Requested JIT information includes:
- Other support
- Certification of Institutional Review Board (IRB) approval
- Certification of Institutional Animal Care and Use Committee (IACUC) approval
- Human subjects training certification for all key personnel
JIT information must be submitted for NIH review and evaluation prior to making an award. This information may be submitted via the Just-In-Time function within eRA Commons. If you have questions about the JIT process, contact the grants management specialist assigned to your grant.
Following review of all applicable information, the NIH Office of the Director and the High-Risk, High-Reward Research program working group (composed of NIH staff from nearly every NIH institute and center) will determine whether an award will be made.

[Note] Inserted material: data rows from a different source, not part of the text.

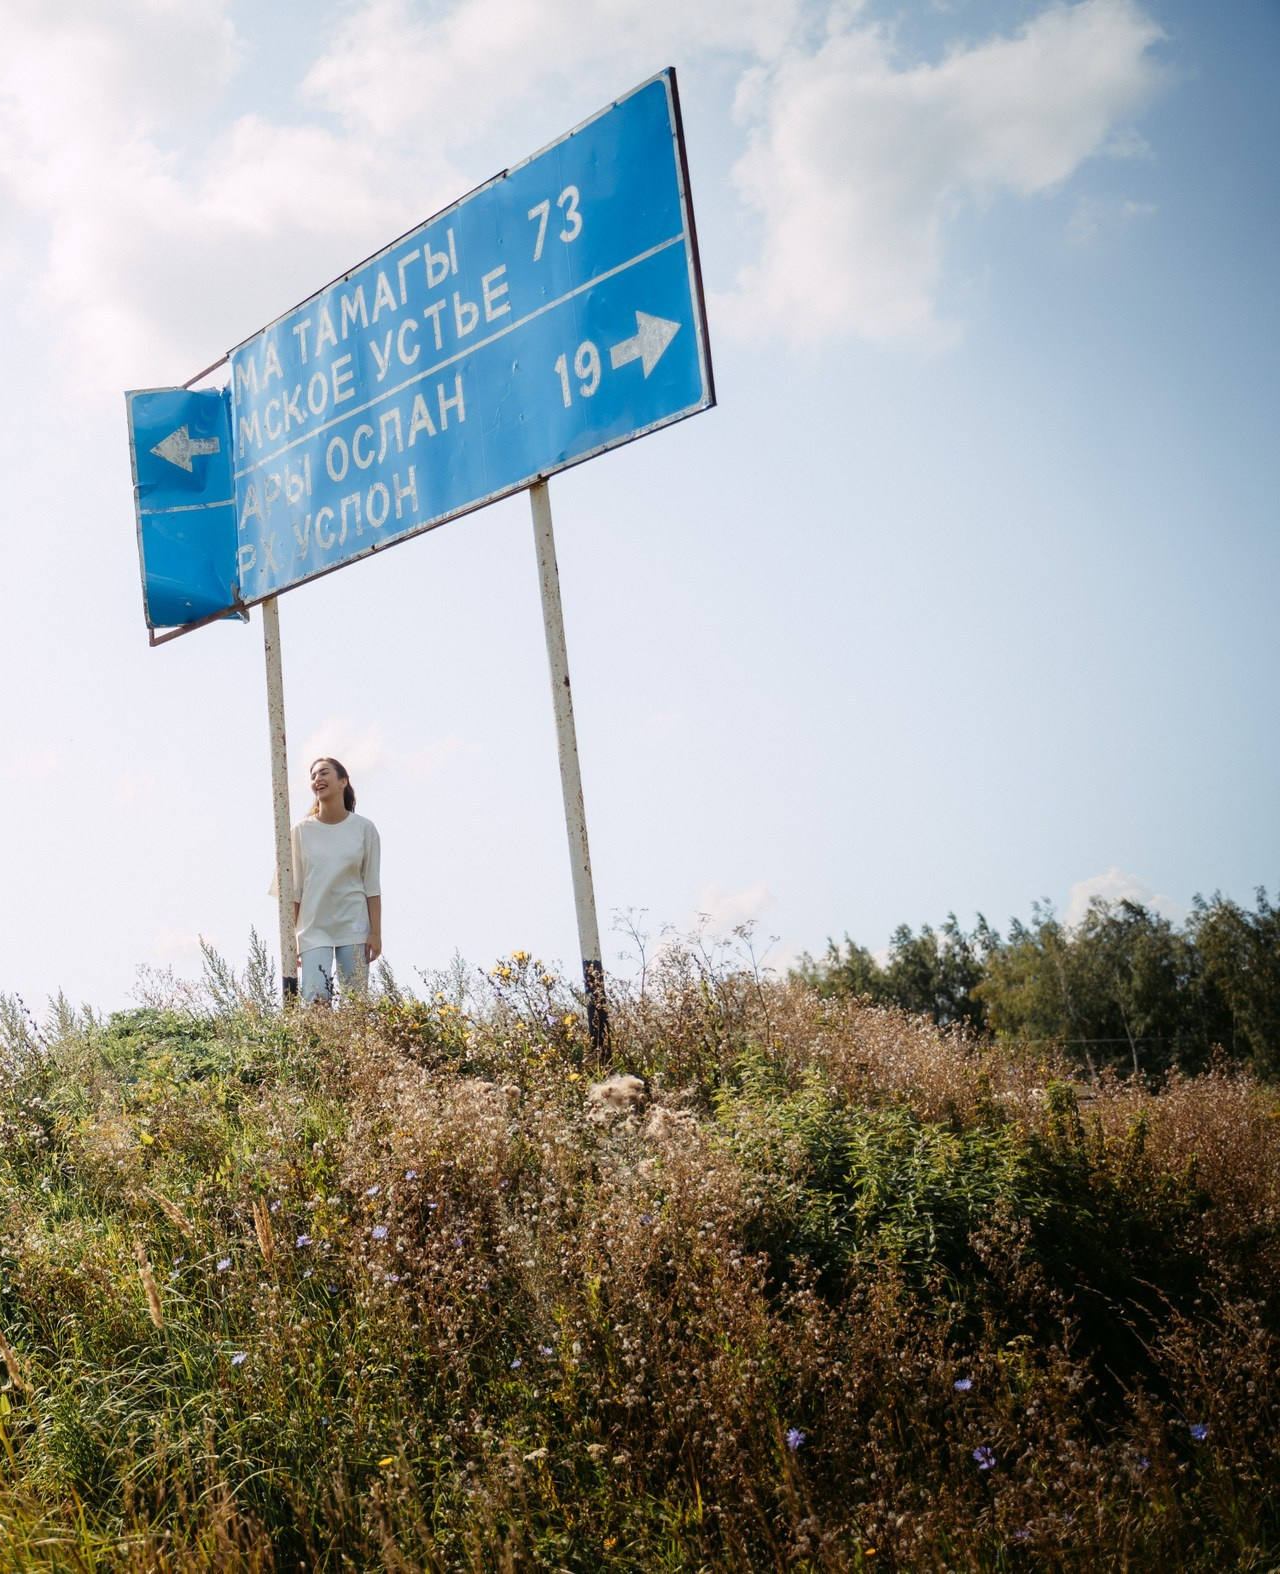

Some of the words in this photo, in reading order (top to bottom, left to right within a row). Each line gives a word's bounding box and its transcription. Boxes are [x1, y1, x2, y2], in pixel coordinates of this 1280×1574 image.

[239, 353, 355, 459] МСКОЕ
[369, 264, 511, 383] УСТЬЕ
[293, 228, 459, 364] ТАМАГЫ
[528, 185, 583, 262] 73
[239, 453, 312, 530] АРЫ
[326, 375, 466, 482] ОСЛАН
[554, 341, 602, 408] 19
[292, 464, 419, 560] УСЛОН
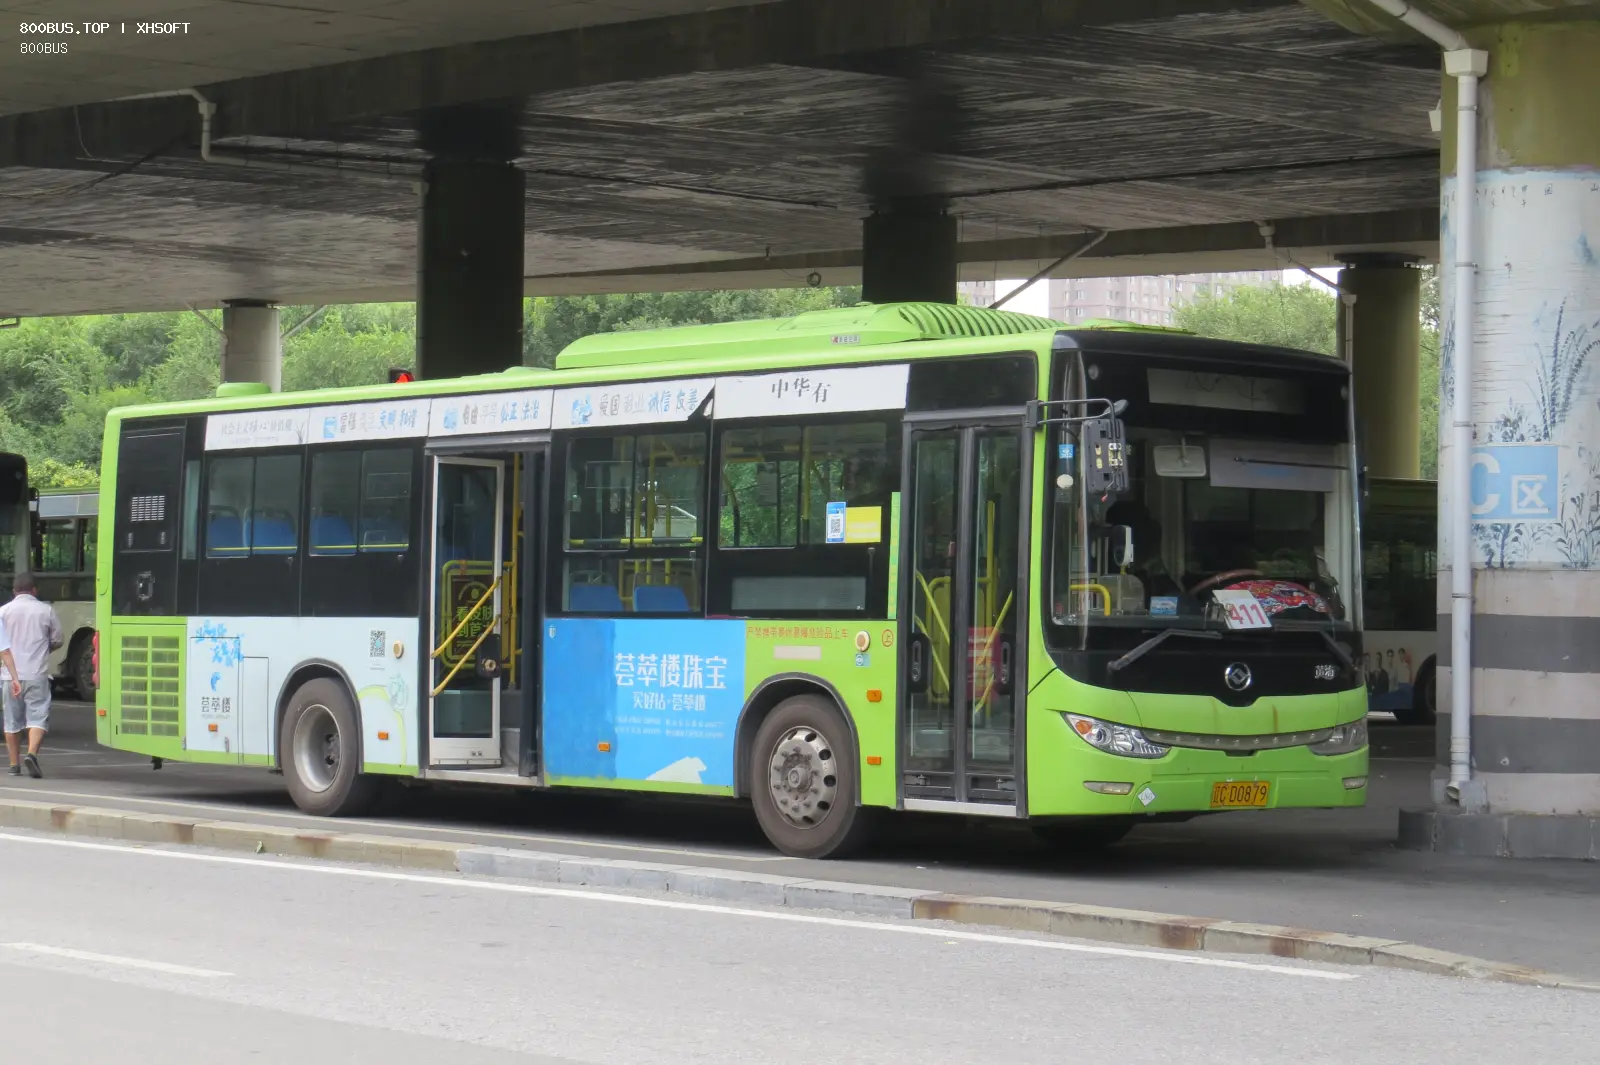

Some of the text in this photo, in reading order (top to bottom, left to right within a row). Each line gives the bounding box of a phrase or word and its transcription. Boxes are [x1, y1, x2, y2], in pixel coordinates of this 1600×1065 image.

[1470, 452, 1549, 514] C区
[1226, 603, 1266, 624] 411
[615, 652, 727, 689] 荟萃楼珠宝
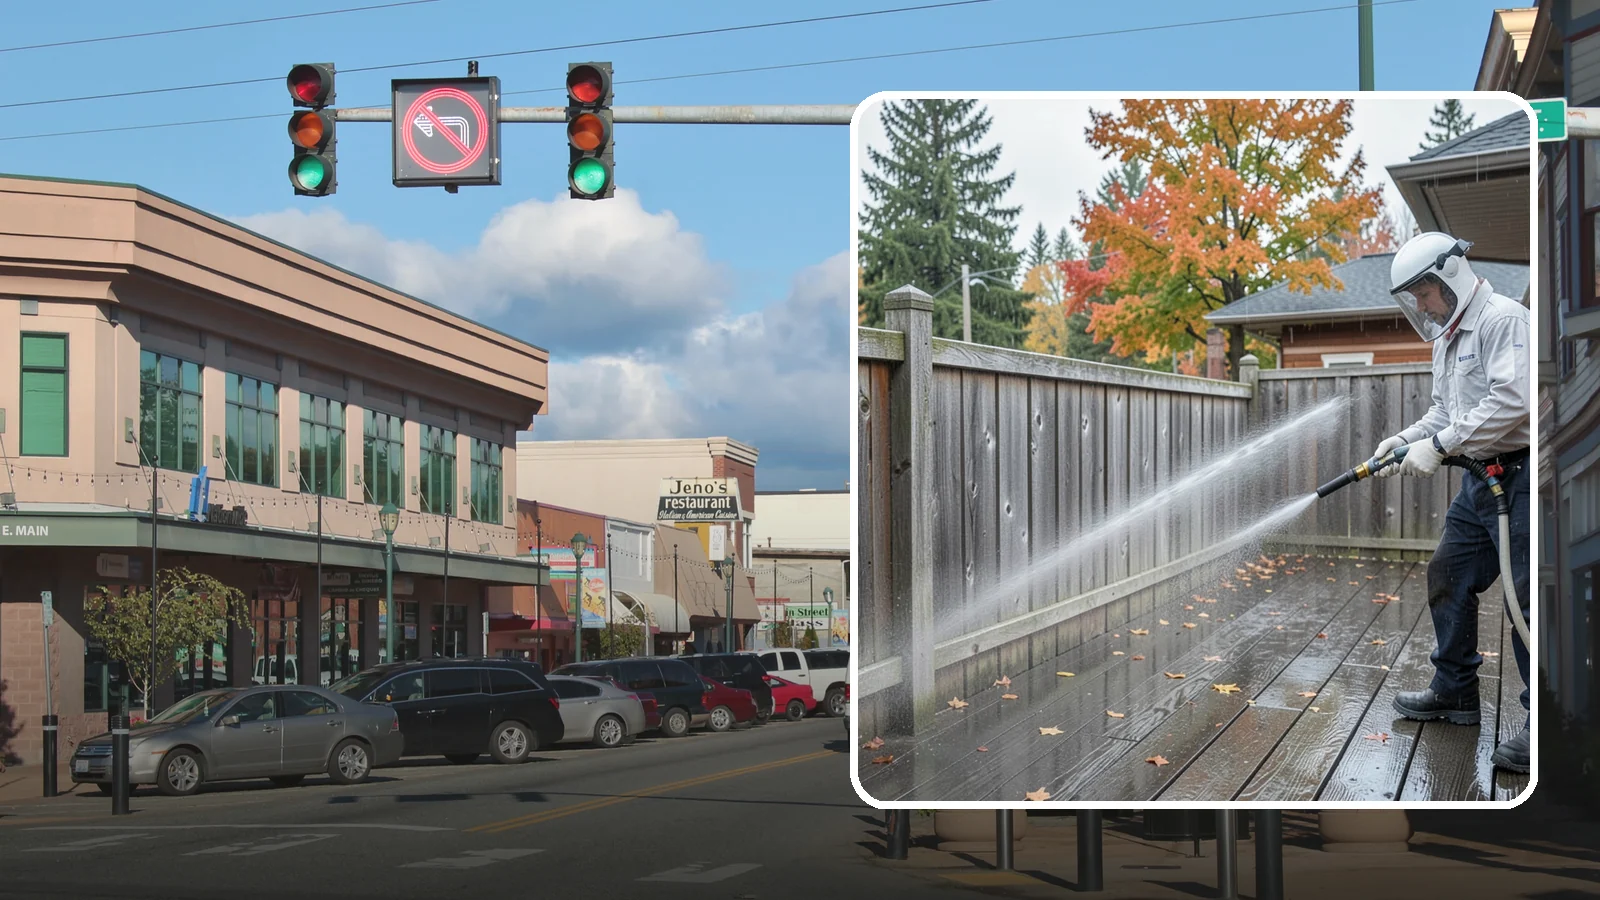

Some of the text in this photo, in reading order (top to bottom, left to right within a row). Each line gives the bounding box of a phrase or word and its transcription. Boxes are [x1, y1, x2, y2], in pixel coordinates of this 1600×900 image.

[669, 480, 727, 494] Jeno's
[665, 496, 731, 509] restaurant
[686, 509, 714, 519] American
[715, 509, 738, 519] Cuisine
[2, 525, 49, 536] E. MAIN
[797, 607, 828, 616] Street
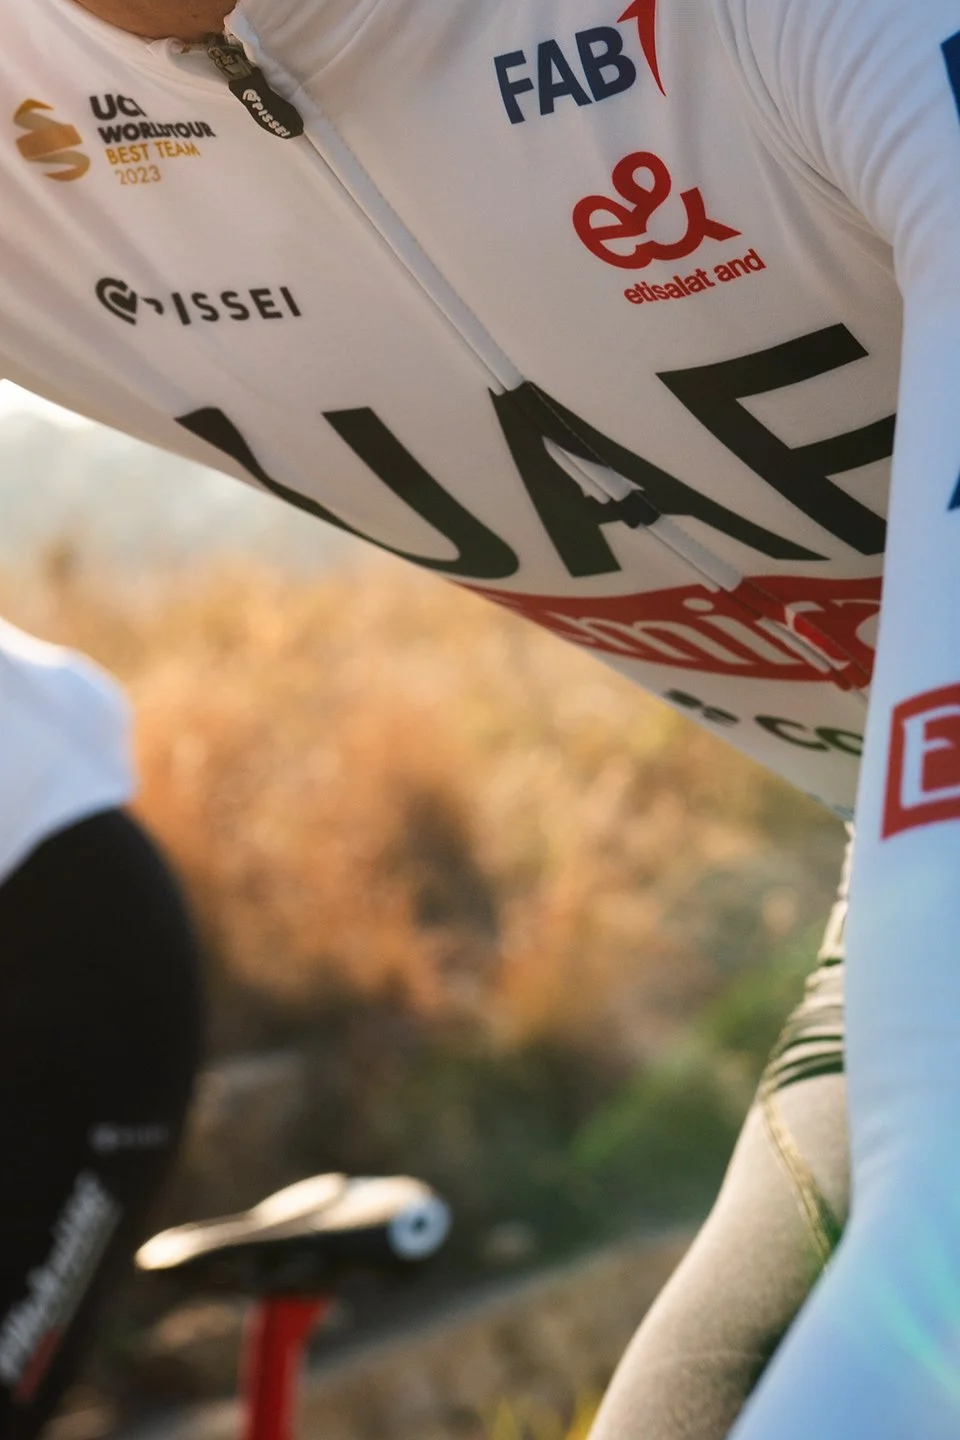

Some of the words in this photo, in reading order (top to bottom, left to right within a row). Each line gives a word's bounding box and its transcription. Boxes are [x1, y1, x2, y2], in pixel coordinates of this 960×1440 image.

The score given to an application during the initial peer review process is an important factor and best indicator of likely funding but is not the sole factor used in making funding decisions. The following are considered in making funding decisions:
- Scientific and technical merit of the proposed project as determined by scientific peer review with consideration of the PD/PI’s optional summary statement response
- Availability of funds
- Relevance of programmatic priorities, including
- The potential for the investigator to lead groundbreaking and broadly impactful research, despite its inherent risks
- Unusually cross-cutting science
- Scientific balance in the portfolio of Pioneer Award-supported research
- Potential to invigorate exceptionally innovative and impactful science broadly across the nation
- Conformance to clinical trial research policies of the administering NIH institute or center
The NIH Office of the Director funds the majority of awards. However, other NIH institutes and centers are invited to fund Pioneer Award applications that they deem meritorious and that fit within their mission and priorities. The NIH Office of the Director does not play a role in the funding deliberations of the institutes and centers, but the process is managed by the institute/center’s member of the High-Risk, High-Reward Research program working group.
The pre-award process involves significant communication between the NIH and the applicant organization and includes negotiation if significant adjustments are required prior to award. Some of the issues NIH staff will be considering during award negotiations include:
- Initial peer review recommendations: Peer reviewers may recommend changes to the specific aims. These recommendations are provided in the summary statement. Under these circumstances, NIH staff will include these recommendations in consideration of a potential award.
- Overlap: Program and grants management staff will review the other support information to ensure there is no overlap with already funded projects (e.g., support, commitment, or budgetary).
- Level of effort: Program and grants management staff will ensure sufficient levels of effort are committed to support the approved project.
- Facilities and Administrative (F&A) Costs: Grants management staff will utilize the negotiated F&A costs (also known as indirect costs) for each grant. More information on the reimbursement of F&A costs can be found in the NIH Grants Policy Statement.
You may receive communications from NIH staff regarding the intent to make an award, but nothing is official until you receive the Notice of Award (NoA).
The NoA is the legal document issued to notify the grantee that an award has been made and that funds are now available for the project. The NoA includes the terms and conditions of the award, your project's start and end dates, and how much money you will receive for current and future years. It also provides contact information for the assigned program officer and grants management specialist. It is important that you read and understand your NoA.
NoAs are issued annually for each budget period and are contingent upon annual assessment of research progress and the availability of funds.